#### [Task directions]
Each record below should be given again exactly as it reads.

[Records from a data source]

#####

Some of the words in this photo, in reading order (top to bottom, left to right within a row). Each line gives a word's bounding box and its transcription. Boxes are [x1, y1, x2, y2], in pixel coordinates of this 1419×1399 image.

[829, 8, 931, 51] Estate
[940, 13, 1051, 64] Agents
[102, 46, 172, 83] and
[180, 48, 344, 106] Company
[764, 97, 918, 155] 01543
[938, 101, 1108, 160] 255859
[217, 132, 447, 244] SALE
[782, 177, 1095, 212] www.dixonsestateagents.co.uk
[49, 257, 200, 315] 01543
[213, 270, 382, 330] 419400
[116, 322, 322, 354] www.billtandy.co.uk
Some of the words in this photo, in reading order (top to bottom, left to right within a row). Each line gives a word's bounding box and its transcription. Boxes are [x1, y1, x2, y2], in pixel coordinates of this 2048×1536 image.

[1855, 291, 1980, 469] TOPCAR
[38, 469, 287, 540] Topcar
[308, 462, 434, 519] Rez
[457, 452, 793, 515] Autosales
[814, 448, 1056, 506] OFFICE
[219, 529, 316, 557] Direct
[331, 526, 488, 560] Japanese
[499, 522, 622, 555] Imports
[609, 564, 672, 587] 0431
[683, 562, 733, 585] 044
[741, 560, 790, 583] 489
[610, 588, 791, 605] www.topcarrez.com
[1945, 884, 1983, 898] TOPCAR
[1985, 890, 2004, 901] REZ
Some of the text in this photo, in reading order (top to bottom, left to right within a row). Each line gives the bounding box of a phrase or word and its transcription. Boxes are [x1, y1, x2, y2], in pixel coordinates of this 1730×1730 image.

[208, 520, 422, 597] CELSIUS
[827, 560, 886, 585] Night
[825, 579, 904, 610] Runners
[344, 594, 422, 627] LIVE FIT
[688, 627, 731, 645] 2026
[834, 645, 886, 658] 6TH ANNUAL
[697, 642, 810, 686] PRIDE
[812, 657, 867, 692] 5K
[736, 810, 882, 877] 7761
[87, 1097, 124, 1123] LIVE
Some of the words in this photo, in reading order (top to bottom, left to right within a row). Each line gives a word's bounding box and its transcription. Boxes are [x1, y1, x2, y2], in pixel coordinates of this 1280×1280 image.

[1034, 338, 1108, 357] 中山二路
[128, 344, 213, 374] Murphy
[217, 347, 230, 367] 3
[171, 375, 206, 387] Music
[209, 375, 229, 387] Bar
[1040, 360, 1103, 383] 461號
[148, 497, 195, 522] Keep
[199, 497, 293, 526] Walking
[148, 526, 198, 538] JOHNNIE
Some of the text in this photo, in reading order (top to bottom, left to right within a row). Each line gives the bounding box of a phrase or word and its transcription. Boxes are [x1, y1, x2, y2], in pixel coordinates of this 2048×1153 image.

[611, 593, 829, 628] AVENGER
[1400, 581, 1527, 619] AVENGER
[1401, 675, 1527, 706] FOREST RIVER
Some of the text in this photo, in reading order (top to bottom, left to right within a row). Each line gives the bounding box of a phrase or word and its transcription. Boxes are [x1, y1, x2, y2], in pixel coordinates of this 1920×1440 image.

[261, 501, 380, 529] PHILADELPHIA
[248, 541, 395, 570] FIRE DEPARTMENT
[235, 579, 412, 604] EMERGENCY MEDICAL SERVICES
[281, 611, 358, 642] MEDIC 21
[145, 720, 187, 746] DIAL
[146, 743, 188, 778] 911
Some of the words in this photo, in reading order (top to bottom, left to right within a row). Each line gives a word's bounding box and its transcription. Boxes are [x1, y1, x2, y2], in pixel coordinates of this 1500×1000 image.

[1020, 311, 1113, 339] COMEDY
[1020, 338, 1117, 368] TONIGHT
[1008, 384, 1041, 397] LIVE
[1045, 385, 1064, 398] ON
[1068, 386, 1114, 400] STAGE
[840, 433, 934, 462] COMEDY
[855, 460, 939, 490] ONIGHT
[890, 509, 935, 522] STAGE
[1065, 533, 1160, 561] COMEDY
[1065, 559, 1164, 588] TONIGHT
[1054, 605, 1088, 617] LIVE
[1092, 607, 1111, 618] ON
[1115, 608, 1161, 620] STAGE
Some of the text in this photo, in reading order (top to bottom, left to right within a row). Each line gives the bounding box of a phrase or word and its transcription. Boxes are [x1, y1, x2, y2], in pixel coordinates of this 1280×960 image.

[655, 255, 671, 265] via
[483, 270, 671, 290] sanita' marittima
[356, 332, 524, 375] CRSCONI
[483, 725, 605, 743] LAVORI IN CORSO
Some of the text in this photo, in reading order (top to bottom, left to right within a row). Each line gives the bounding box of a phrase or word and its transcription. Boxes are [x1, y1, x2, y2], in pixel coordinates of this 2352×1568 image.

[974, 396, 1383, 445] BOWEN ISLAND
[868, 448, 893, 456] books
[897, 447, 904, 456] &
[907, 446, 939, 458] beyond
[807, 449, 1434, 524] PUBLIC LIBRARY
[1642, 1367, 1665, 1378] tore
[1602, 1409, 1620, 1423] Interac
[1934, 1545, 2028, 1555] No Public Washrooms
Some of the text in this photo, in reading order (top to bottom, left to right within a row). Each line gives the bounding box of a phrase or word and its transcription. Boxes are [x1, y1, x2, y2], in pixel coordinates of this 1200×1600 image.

#####

#### [Your solution]
Some of the words in this photo, in reading order (top to bottom, left to right within a row). Each line gives a word's bounding box and its transcription. Boxes are [x1, y1, x2, y2], in pixel coordinates of this 1419×1399 image.

[829, 8, 931, 51] Estate
[940, 13, 1051, 64] Agents
[102, 46, 172, 83] and
[180, 48, 344, 106] Company
[764, 97, 918, 155] 01543
[938, 101, 1108, 160] 255859
[217, 132, 447, 244] SALE
[782, 177, 1095, 212] www.dixonsestateagents.co.uk
[49, 257, 200, 315] 01543
[213, 270, 382, 330] 419400
[116, 322, 322, 354] www.billtandy.co.uk
Some of the words in this photo, in reading order (top to bottom, left to right within a row). Each line gives a word's bounding box and its transcription. Boxes are [x1, y1, x2, y2], in pixel coordinates of this 2048×1536 image.

[1855, 291, 1980, 469] TOPCAR
[38, 469, 287, 540] Topcar
[308, 462, 434, 519] Rez
[457, 452, 793, 515] Autosales
[814, 448, 1056, 506] OFFICE
[219, 529, 316, 557] Direct
[331, 526, 488, 560] Japanese
[499, 522, 622, 555] Imports
[609, 564, 672, 587] 0431
[683, 562, 733, 585] 044
[741, 560, 790, 583] 489
[610, 588, 791, 605] www.topcarrez.com
[1945, 884, 1983, 898] TOPCAR
[1985, 890, 2004, 901] REZ
Some of the text in this photo, in reading order (top to bottom, left to right within a row). Each line gives the bounding box of a phrase or word and its transcription. Boxes are [x1, y1, x2, y2], in pixel coordinates of this 1730×1730 image.

[208, 520, 422, 597] CELSIUS
[827, 560, 886, 585] Night
[825, 579, 904, 610] Runners
[344, 594, 422, 627] LIVE FIT
[688, 627, 731, 645] 2026
[834, 645, 886, 658] 6TH ANNUAL
[697, 642, 810, 686] PRIDE
[812, 657, 867, 692] 5K
[736, 810, 882, 877] 7761
[87, 1097, 124, 1123] LIVE
Some of the words in this photo, in reading order (top to bottom, left to right within a row). Each line gives a word's bounding box and its transcription. Boxes are [x1, y1, x2, y2], in pixel coordinates of this 1280×1280 image.

[1034, 338, 1108, 357] 中山二路
[128, 344, 213, 374] Murphy
[217, 347, 230, 367] 3
[171, 375, 206, 387] Music
[209, 375, 229, 387] Bar
[1040, 360, 1103, 383] 461號
[148, 497, 195, 522] Keep
[199, 497, 293, 526] Walking
[148, 526, 198, 538] JOHNNIE
Some of the text in this photo, in reading order (top to bottom, left to right within a row). Each line gives the bounding box of a phrase or word and its transcription. Boxes are [x1, y1, x2, y2], in pixel coordinates of this 2048×1153 image.

[611, 593, 829, 628] AVENGER
[1400, 581, 1527, 619] AVENGER
[1401, 675, 1527, 706] FOREST RIVER
Some of the text in this photo, in reading order (top to bottom, left to right within a row). Each line gives the bounding box of a phrase or word and its transcription. Boxes are [x1, y1, x2, y2], in pixel coordinates of this 1920×1440 image.

[261, 501, 380, 529] PHILADELPHIA
[248, 541, 395, 570] FIRE DEPARTMENT
[235, 579, 412, 604] EMERGENCY MEDICAL SERVICES
[281, 611, 358, 642] MEDIC 21
[145, 720, 187, 746] DIAL
[146, 743, 188, 778] 911
Some of the words in this photo, in reading order (top to bottom, left to right within a row). Each line gives a word's bounding box and its transcription. Boxes are [x1, y1, x2, y2], in pixel coordinates of this 1500×1000 image.

[1020, 311, 1113, 339] COMEDY
[1020, 338, 1117, 368] TONIGHT
[1008, 384, 1041, 397] LIVE
[1045, 385, 1064, 398] ON
[1068, 386, 1114, 400] STAGE
[840, 433, 934, 462] COMEDY
[855, 460, 939, 490] ONIGHT
[890, 509, 935, 522] STAGE
[1065, 533, 1160, 561] COMEDY
[1065, 559, 1164, 588] TONIGHT
[1054, 605, 1088, 617] LIVE
[1092, 607, 1111, 618] ON
[1115, 608, 1161, 620] STAGE
Some of the text in this photo, in reading order (top to bottom, left to right within a row). Each line gives the bounding box of a phrase or word and its transcription. Boxes are [x1, y1, x2, y2], in pixel coordinates of this 1280×960 image.

[655, 255, 671, 265] via
[483, 270, 671, 290] sanita' marittima
[356, 332, 524, 375] CRSCONI
[483, 725, 605, 743] LAVORI IN CORSO
Some of the text in this photo, in reading order (top to bottom, left to right within a row). Each line gives the bounding box of a phrase or word and its transcription. Boxes are [x1, y1, x2, y2], in pixel coordinates of this 2352×1568 image.

[974, 396, 1383, 445] BOWEN ISLAND
[868, 448, 893, 456] books
[897, 447, 904, 456] &
[907, 446, 939, 458] beyond
[807, 449, 1434, 524] PUBLIC LIBRARY
[1642, 1367, 1665, 1378] tore
[1602, 1409, 1620, 1423] Interac
[1934, 1545, 2028, 1555] No Public Washrooms
Some of the text in this photo, in reading order (top to bottom, left to right within a row). Each line gives the bounding box of a phrase or word and its transcription. Boxes are [x1, y1, x2, y2], in pixel coordinates of this 1200×1600 image.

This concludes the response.